In your copy, include every record exactly and no pictures.

Start of EXTRACTED INFORMATION

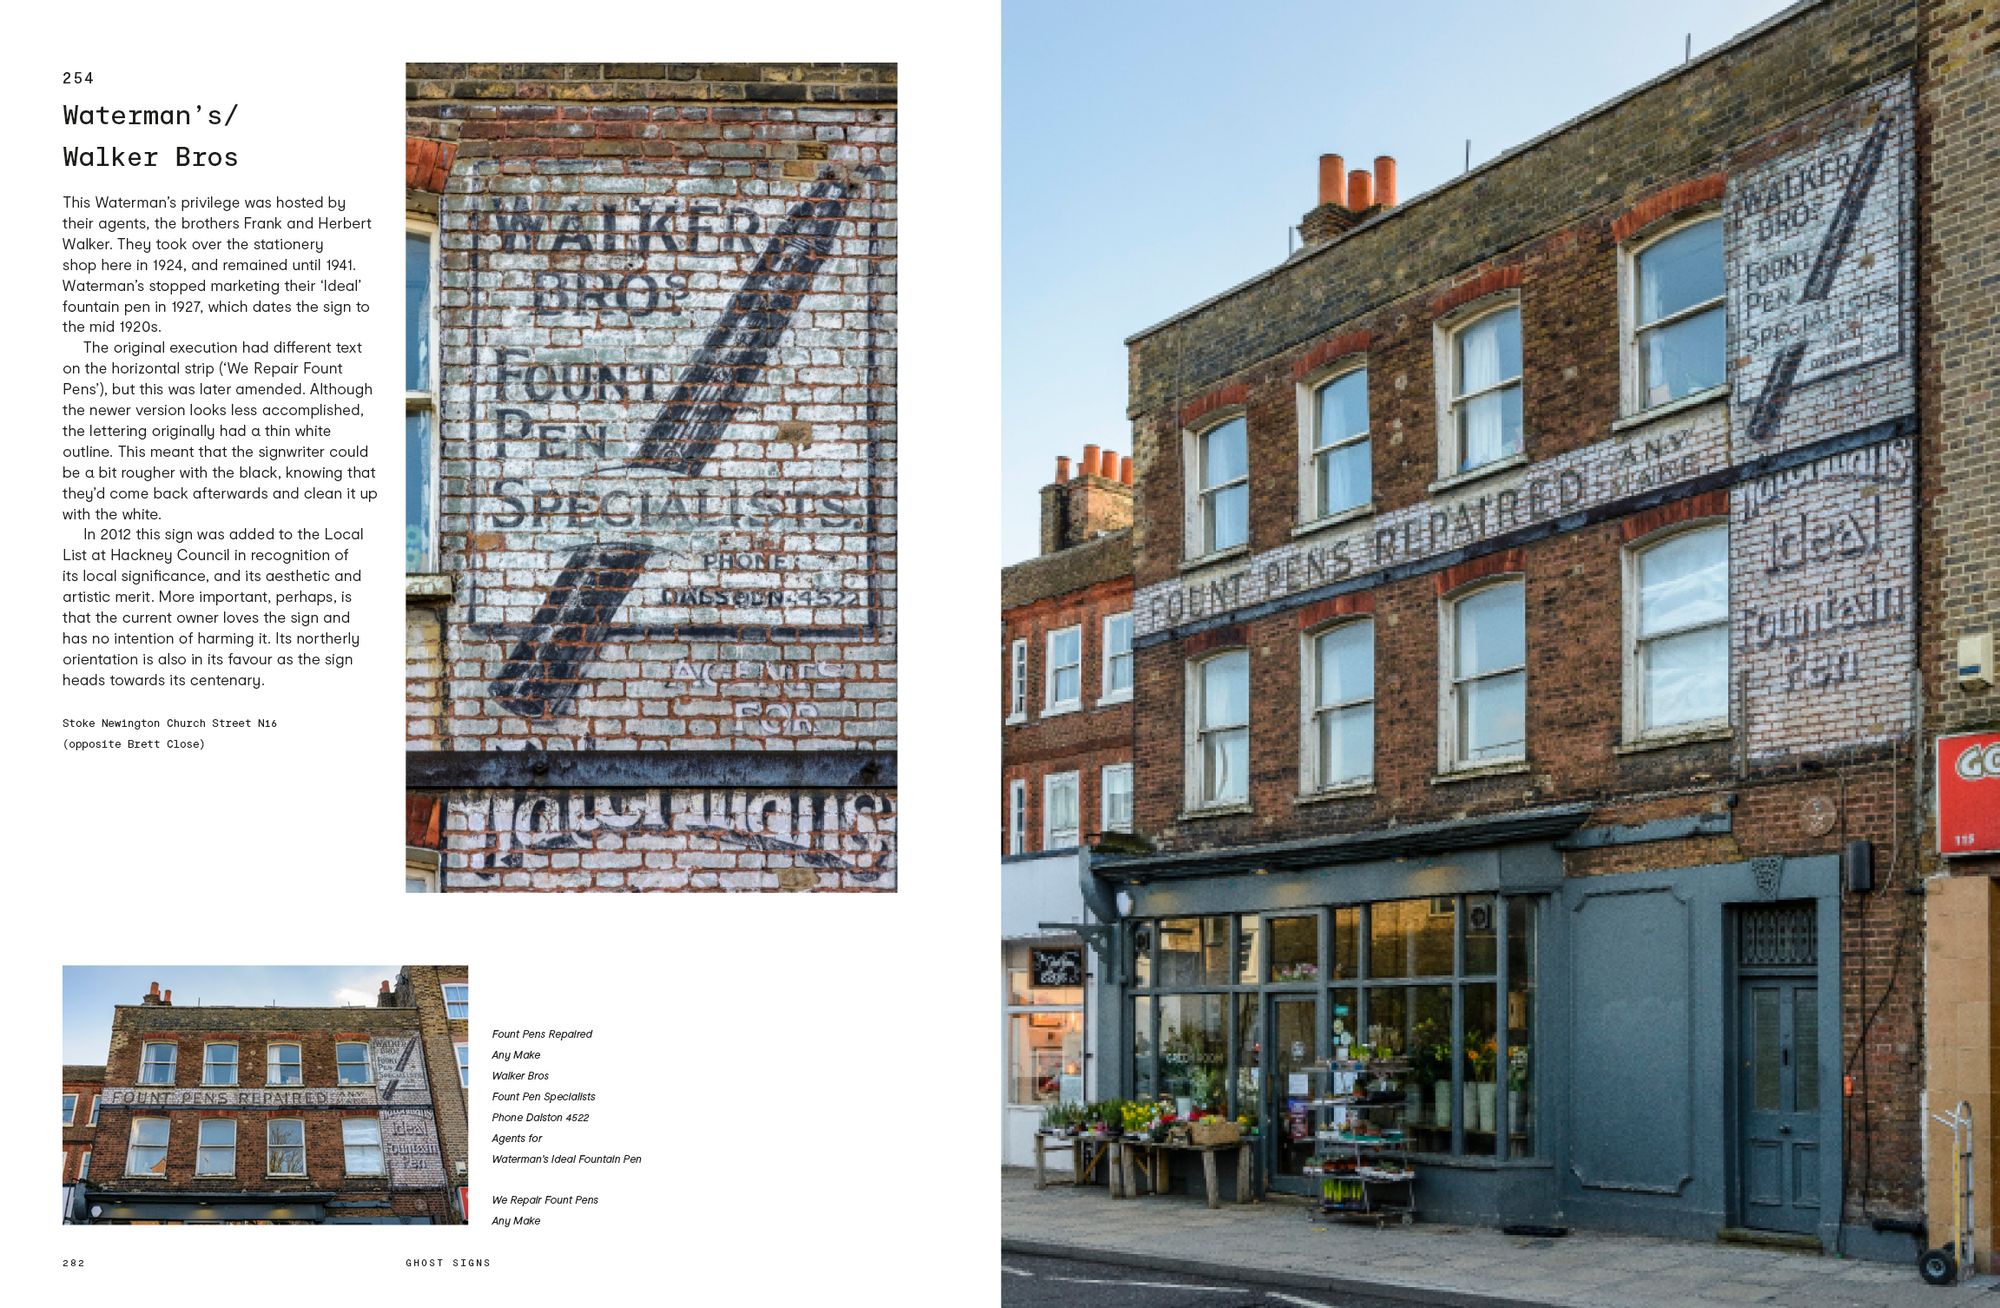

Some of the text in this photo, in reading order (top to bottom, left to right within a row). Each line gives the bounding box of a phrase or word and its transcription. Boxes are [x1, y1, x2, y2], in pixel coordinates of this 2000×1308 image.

[62, 71, 94, 85] 254
[62, 103, 239, 127] Waterman’s/
[62, 146, 238, 167] Walker Bros
[62, 195, 346, 212] This Waterman’s privilege was hosted by
[494, 197, 758, 253] WALKER
[61, 237, 324, 254] Walker. They took over the stationery
[61, 279, 362, 296] Waterman’s stopped marketing their ‘Ideal’
[61, 319, 162, 333] the mid 1920s.
[83, 340, 363, 357] The original execution had different text
[62, 360, 343, 378] on the horizontal strip (‘We Repair Fount
[496, 348, 666, 401] FOUNT
[63, 381, 373, 399] Pens’), but this was later amended. Although
[496, 407, 607, 460] PEN
[62, 465, 376, 482] be a bit rougher with the black, knowing that
[84, 527, 364, 544] In 2012 this sign was added to the Local
[63, 548, 349, 565] List at Hackney Council in recognition of
[1151, 469, 1582, 631] FOUNT PENS REPAIRED
[62, 673, 265, 690] heads towards its centenary.
[63, 718, 277, 731] Stoke Newington Church Street N16
[731, 701, 821, 734] FOR
[63, 738, 205, 751] (opposite Brett Close)
[492, 1029, 594, 1042] Fount Pens Repaired
[491, 1050, 540, 1063] Any Make
[493, 1070, 550, 1081] Walker Bros
[112, 1091, 327, 1105] FOUNT PENS REPAIRED
[491, 1091, 597, 1104] Fount Pen Specialists
[492, 1112, 589, 1122] Phone Dalston 4522
[490, 1133, 543, 1146] Agents for
[551, 1154, 576, 1163] Ideal
[579, 1154, 620, 1163] Fountain
[623, 1154, 641, 1163] Pen
[493, 1195, 598, 1207] We Repair Fount Pens
[491, 1216, 540, 1228] Any Make
[63, 1258, 84, 1267] 282
[406, 1258, 489, 1267] GHOST SIGNS

End of EXTRACTED INFORMATION

* RESULT OF THIS TASK:
Some of the text in this photo, in reading order (top to bottom, left to right within a row). Each line gives the bounding box of a phrase or word and its transcription. Boxes are [x1, y1, x2, y2], in pixel coordinates of this 2000×1308 image.

[62, 71, 94, 85] 254
[62, 103, 239, 127] Waterman’s/
[62, 146, 238, 167] Walker Bros
[62, 195, 346, 212] This Waterman’s privilege was hosted by
[494, 197, 758, 253] WALKER
[61, 237, 324, 254] Walker. They took over the stationery
[61, 279, 362, 296] Waterman’s stopped marketing their ‘Ideal’
[61, 319, 162, 333] the mid 1920s.
[83, 340, 363, 357] The original execution had different text
[62, 360, 343, 378] on the horizontal strip (‘We Repair Fount
[496, 348, 666, 401] FOUNT
[63, 381, 373, 399] Pens’), but this was later amended. Although
[496, 407, 607, 460] PEN
[62, 465, 376, 482] be a bit rougher with the black, knowing that
[84, 527, 364, 544] In 2012 this sign was added to the Local
[63, 548, 349, 565] List at Hackney Council in recognition of
[1151, 469, 1582, 631] FOUNT PENS REPAIRED
[62, 673, 265, 690] heads towards its centenary.
[63, 718, 277, 731] Stoke Newington Church Street N16
[731, 701, 821, 734] FOR
[63, 738, 205, 751] (opposite Brett Close)
[492, 1029, 594, 1042] Fount Pens Repaired
[491, 1050, 540, 1063] Any Make
[493, 1070, 550, 1081] Walker Bros
[112, 1091, 327, 1105] FOUNT PENS REPAIRED
[491, 1091, 597, 1104] Fount Pen Specialists
[492, 1112, 589, 1122] Phone Dalston 4522
[490, 1133, 543, 1146] Agents for
[551, 1154, 576, 1163] Ideal
[579, 1154, 620, 1163] Fountain
[623, 1154, 641, 1163] Pen
[493, 1195, 598, 1207] We Repair Fount Pens
[491, 1216, 540, 1228] Any Make
[63, 1258, 84, 1267] 282
[406, 1258, 489, 1267] GHOST SIGNS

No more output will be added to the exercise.